Why should clinicians use 5% CO2 to treat CO poisoning cases along with higher % of O2?
Higher percentage of O2 can cause hypoventilation. The 5% CO2 will stimulate peripheral chemoreceptors to increase drive for breathing. Also ensures CO is being expelled from body.
When compared to oxygen, CO2 diffusion can occur with a very small partial pressure gradient. Explain the reason/s.
Because CO2 has a higher diffusion rate than O2, so it doesn’t require as large of a pressure gradient for diffusion to occur when compared to oxygen.
Why is the formation of carbonic acid from the reaction between CO2 and water much faster in RBC when compared to plasma?
Because RBC’s carry carbonic anhydrase, an enzyme that drives the formation of carbonic acid in the hydration reaction.
When you compare the O2-Hb saturation curve with that of CO2 dissociation curve what do you learn/interpret?
- There is no plateau (no allosteric inhibition of CO2-Hb binding as the concentration of Hb- CO2 increases)
- Binding of 1 CO2 doesn’t help bind another CO2 bind to Hb
- CO2 graph is steeper
Do we make acid in the body? How do we eliminate the acid?
Yes. In cellular metabolism, one of the byproducts includes CO2. CO2 is considered a volatile acid since when it undergoes the hydration reaction, it produces carbonic acid (strong acid).
What are the 3 main buffer systems in the body? How do they differ in terms of their ability to buffer acid-base disturbances?
- Bicarbonate buffer system: When a weak acid is added to buffer a strong acid, a weak acid and salt are produced.

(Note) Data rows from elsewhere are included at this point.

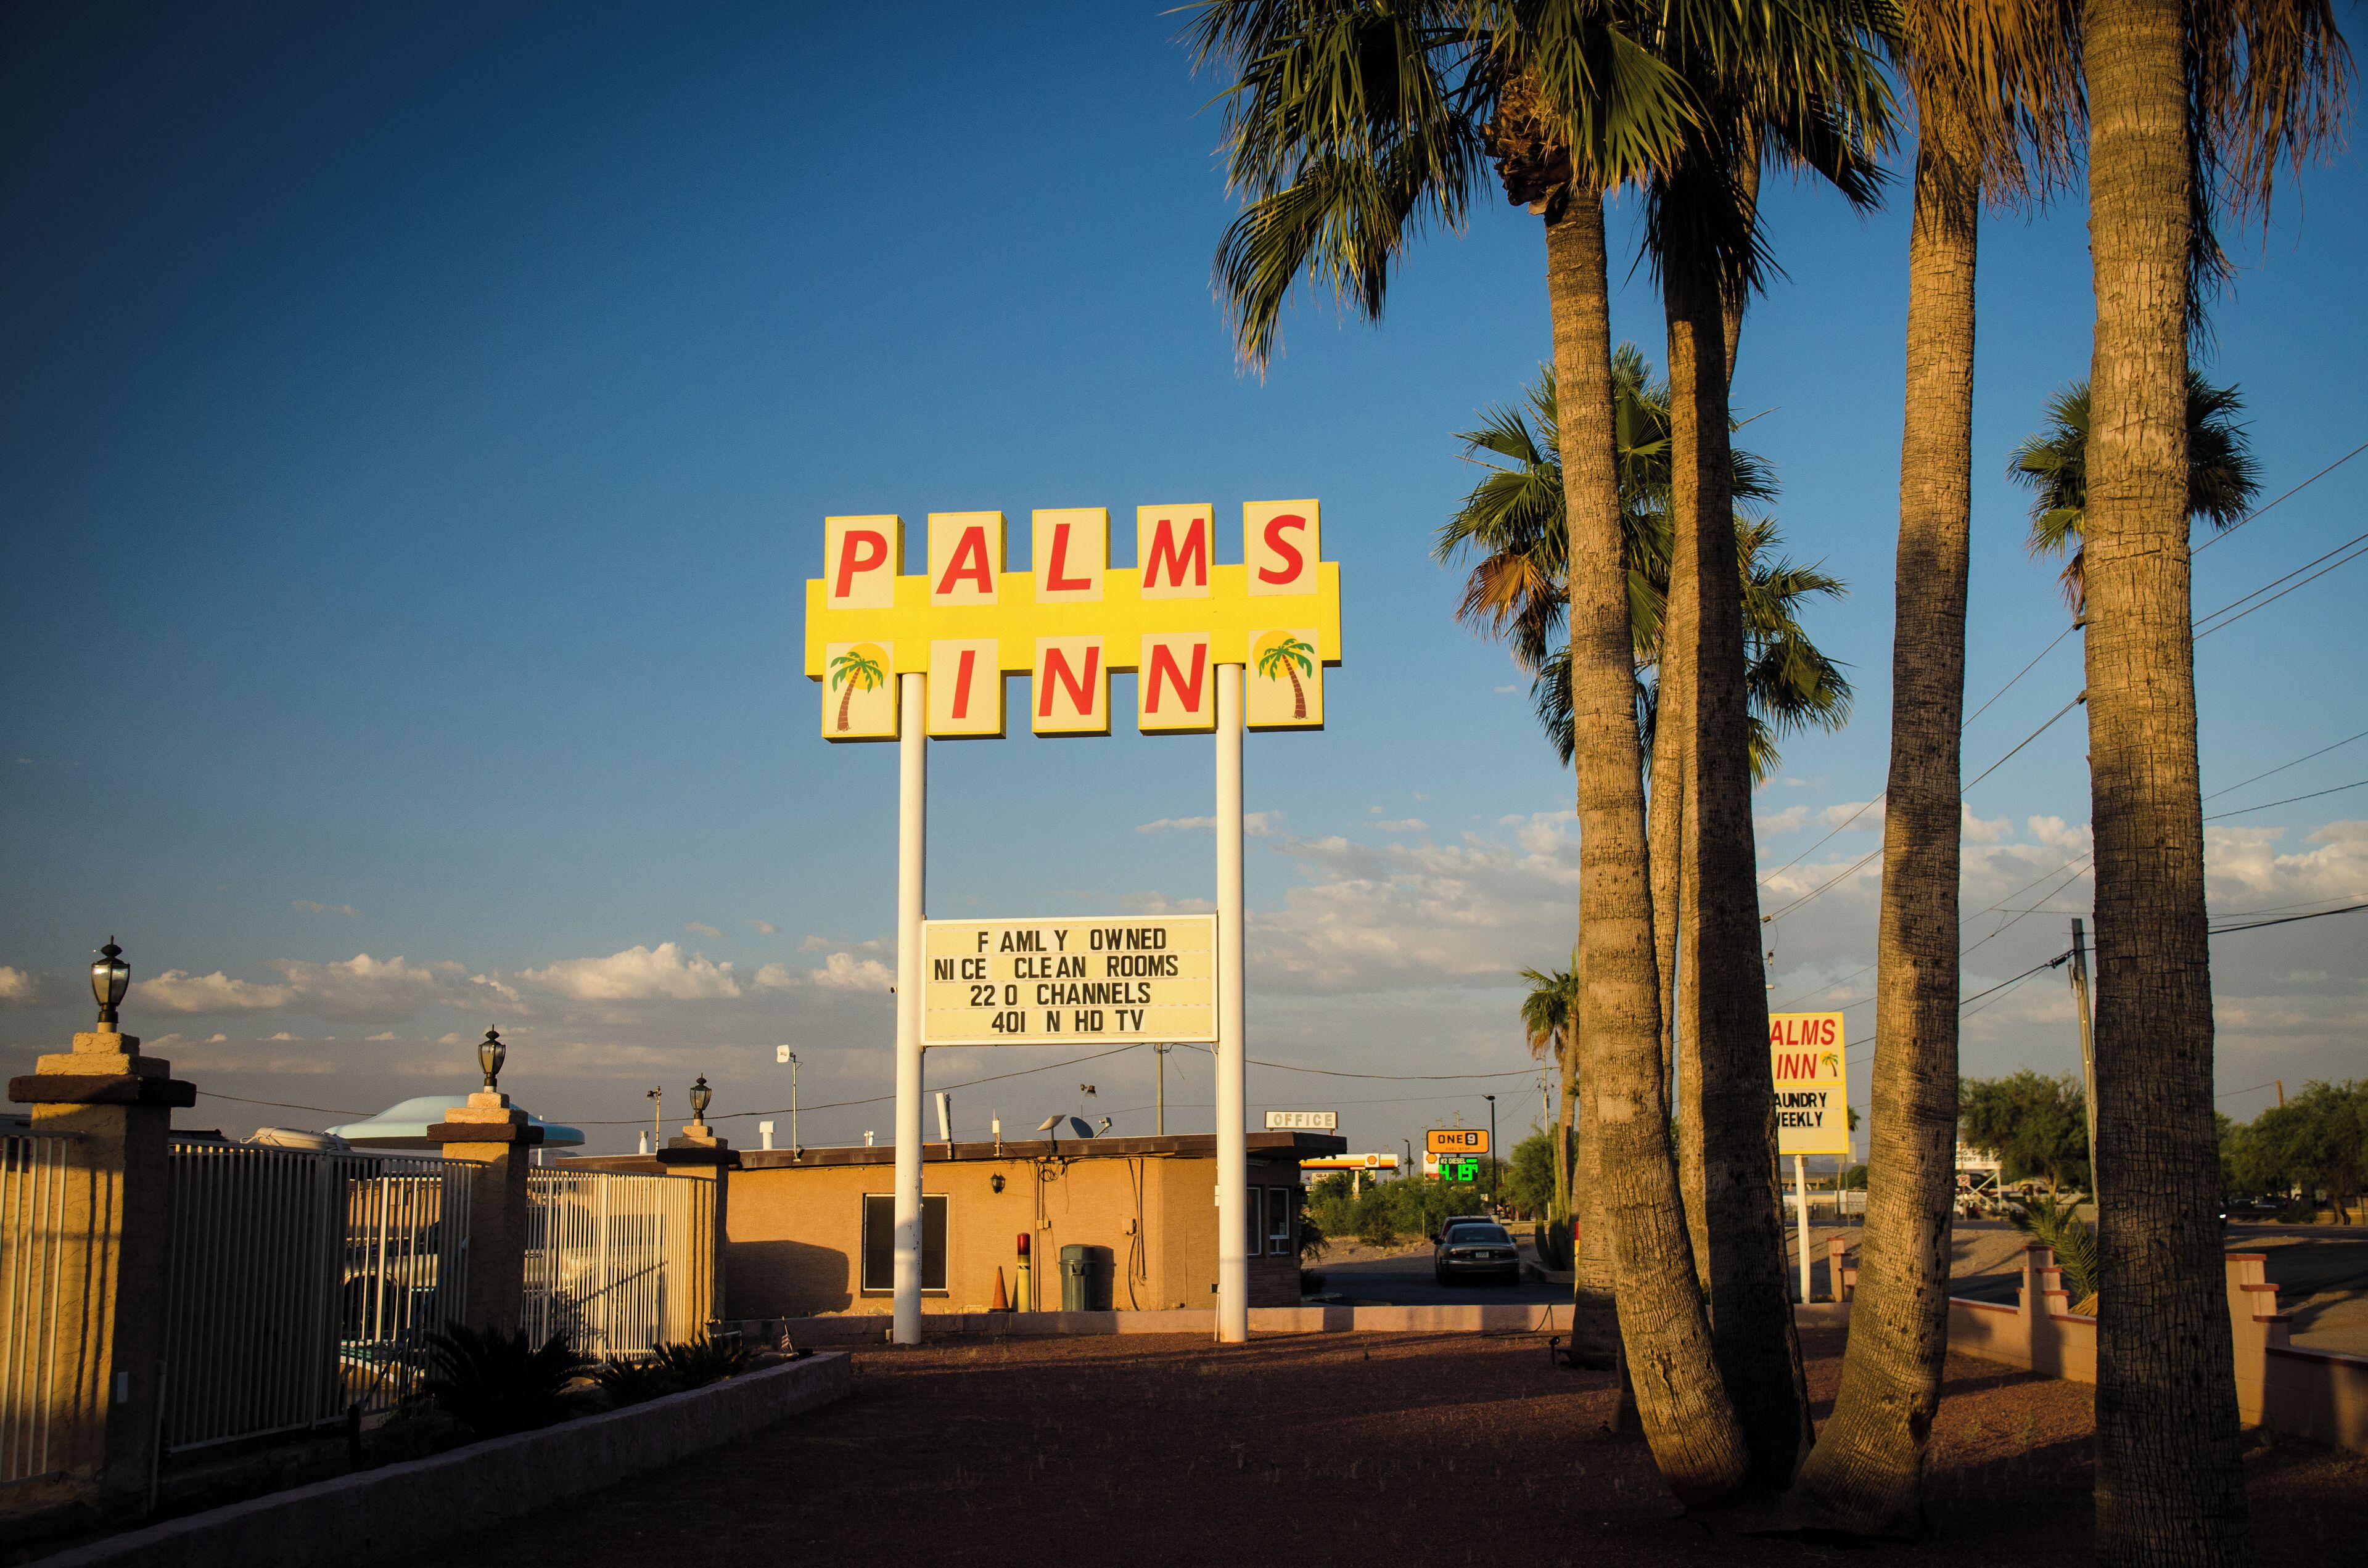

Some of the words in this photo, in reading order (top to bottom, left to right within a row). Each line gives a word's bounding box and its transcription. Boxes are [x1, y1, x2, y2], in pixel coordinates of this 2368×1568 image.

[834, 514, 1307, 597] PALMS
[952, 643, 1207, 719] INN
[1090, 928, 1167, 950] OWNED
[934, 958, 987, 980] NICE
[1014, 956, 1086, 979] CLEAN
[1107, 954, 1178, 977] ROOMS
[1037, 982, 1151, 1005] CHANNELS
[1075, 1010, 1103, 1032] HD
[1115, 1009, 1144, 1032] TV
[1770, 1019, 1835, 1046] ALMS
[1776, 1053, 1817, 1079] INN
[1775, 1092, 1827, 1108] AUNDRY
[1273, 1113, 1333, 1127] OFFICE

When you add a weak base to buffer a strong acid, a weak base and water are produced.
- Phosphate buffer: Major intracellular buffer. Important in buffering fluid in the kidneys.
- Protein buffer: Hemoglobin is a better buffer of H+.

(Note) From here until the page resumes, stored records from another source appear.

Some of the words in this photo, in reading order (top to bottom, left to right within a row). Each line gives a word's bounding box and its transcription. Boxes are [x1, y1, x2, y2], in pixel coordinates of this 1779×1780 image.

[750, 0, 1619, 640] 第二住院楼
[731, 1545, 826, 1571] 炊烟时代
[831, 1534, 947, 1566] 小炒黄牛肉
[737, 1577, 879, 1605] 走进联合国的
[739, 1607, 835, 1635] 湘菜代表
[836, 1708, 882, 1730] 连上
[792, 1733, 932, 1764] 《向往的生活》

On an Anderson-Davenport nomogram, what are the 3 main parameters that are plotted?
- pH
- HCO3 values
- PCO2 line
How is the rhythmicity of breathing brought about? Can we voluntarily either increase rate and depth of breathing or stop breathing?

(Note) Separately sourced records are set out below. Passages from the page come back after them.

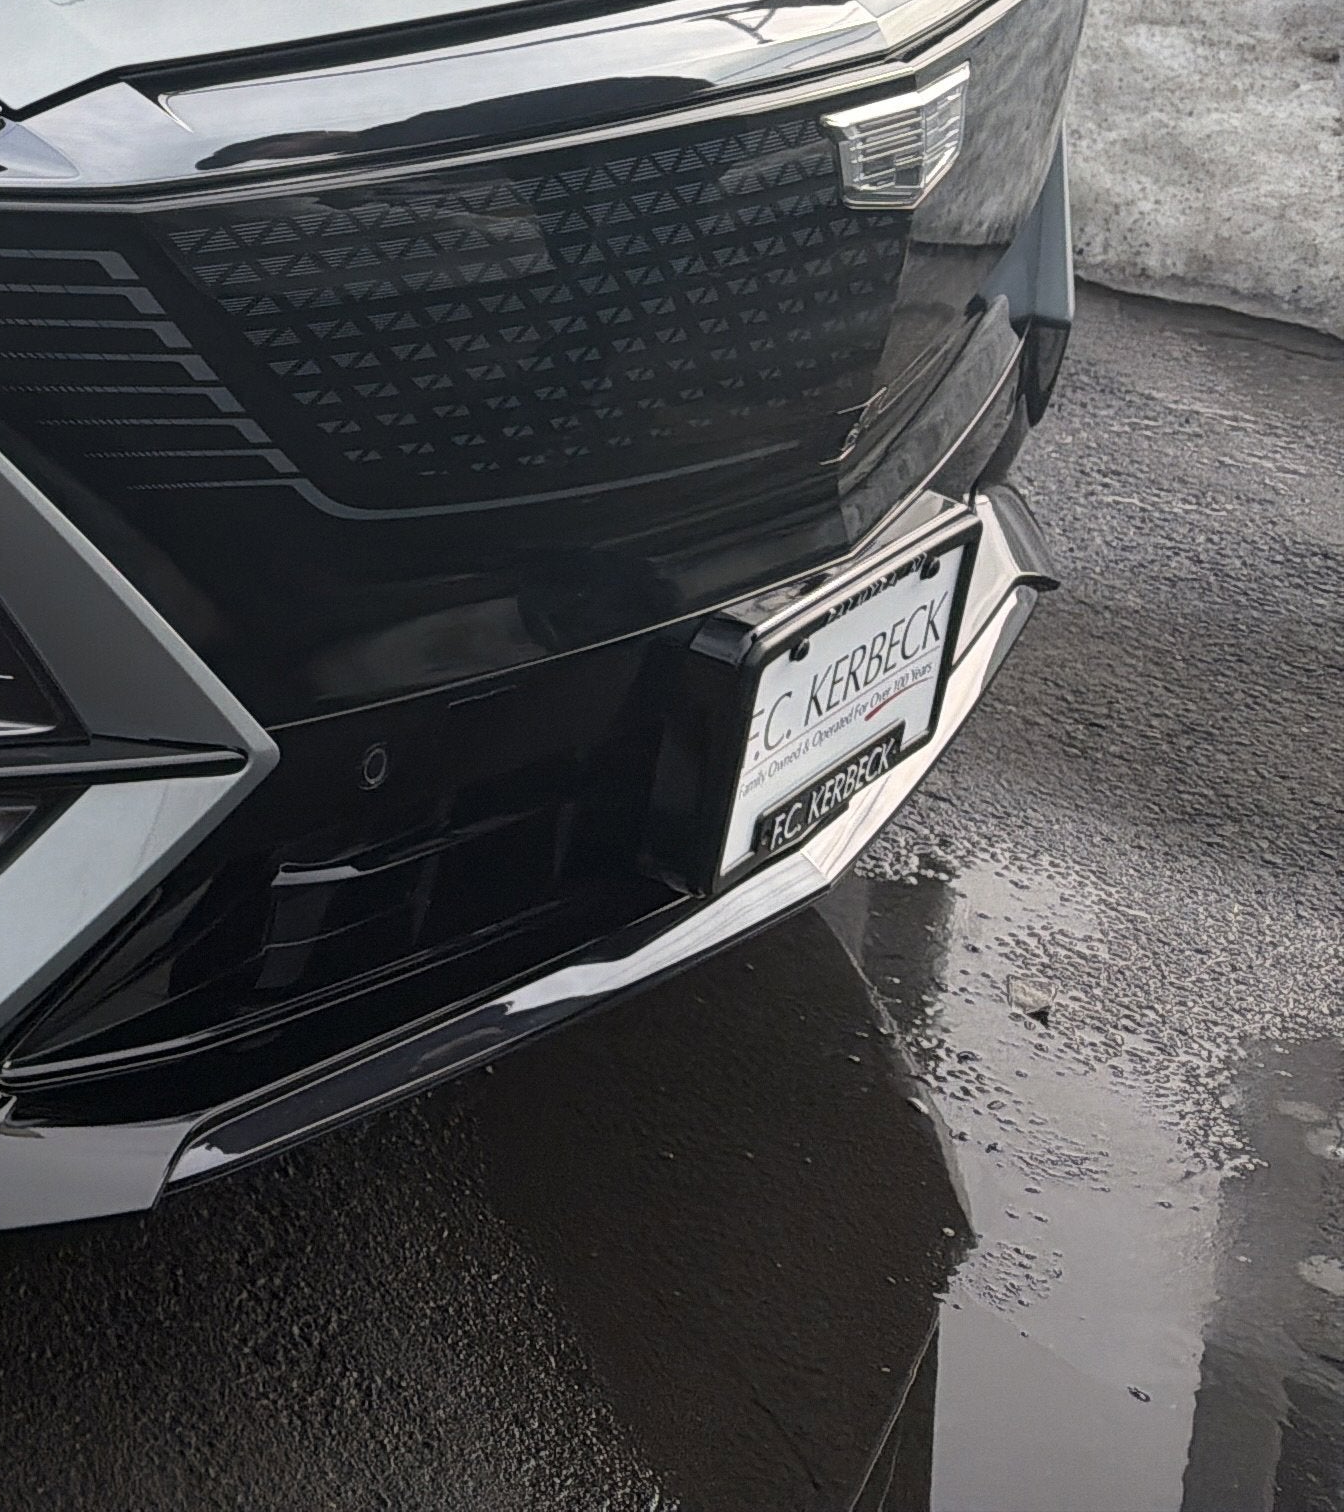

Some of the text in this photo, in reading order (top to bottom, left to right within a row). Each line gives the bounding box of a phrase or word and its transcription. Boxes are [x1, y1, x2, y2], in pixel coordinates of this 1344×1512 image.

[803, 590, 949, 728] KERBECK
[768, 745, 802, 778] Owned
[801, 741, 810, 755] &
[811, 706, 854, 748] Operated
[870, 687, 891, 707] Over
[894, 673, 910, 691] 100
[911, 662, 933, 681] Years
[769, 737, 896, 851] F.C. KERBECK

The dorsal and ventral respiratory groups located in the medulla generate the rhythm of respiration. The signal from DRG is sent via phrenic nerve to diaphragm. Signal from VRG sent via vagus nerve to abdominal muscles.
- The pulmonary stretch receptors in the lungs sense an increase in fluid accumulation which send a signal to DRG via vagus & glossopharyngeal to regulate breathing.
- The apneustic center can have a stimulatory effect on inspiratory neurons of DRG and VRG.
What is the main stimulus for central chemoreceptors?
Partial pressure of CO2
With respect to carotid bodies, describe their function and nerve supply?
Are located in the bifurcation between the internal and external carotid artery.
- Sense a decrease in PO2, decreased pH, and increase in PaCO2.
- Respond by increasing ventilation.
- Innervated by glossopharyngeal nerve
What mechanism prevents overstretching of lungs?
Pulmonary stretch receptors located in our lungs.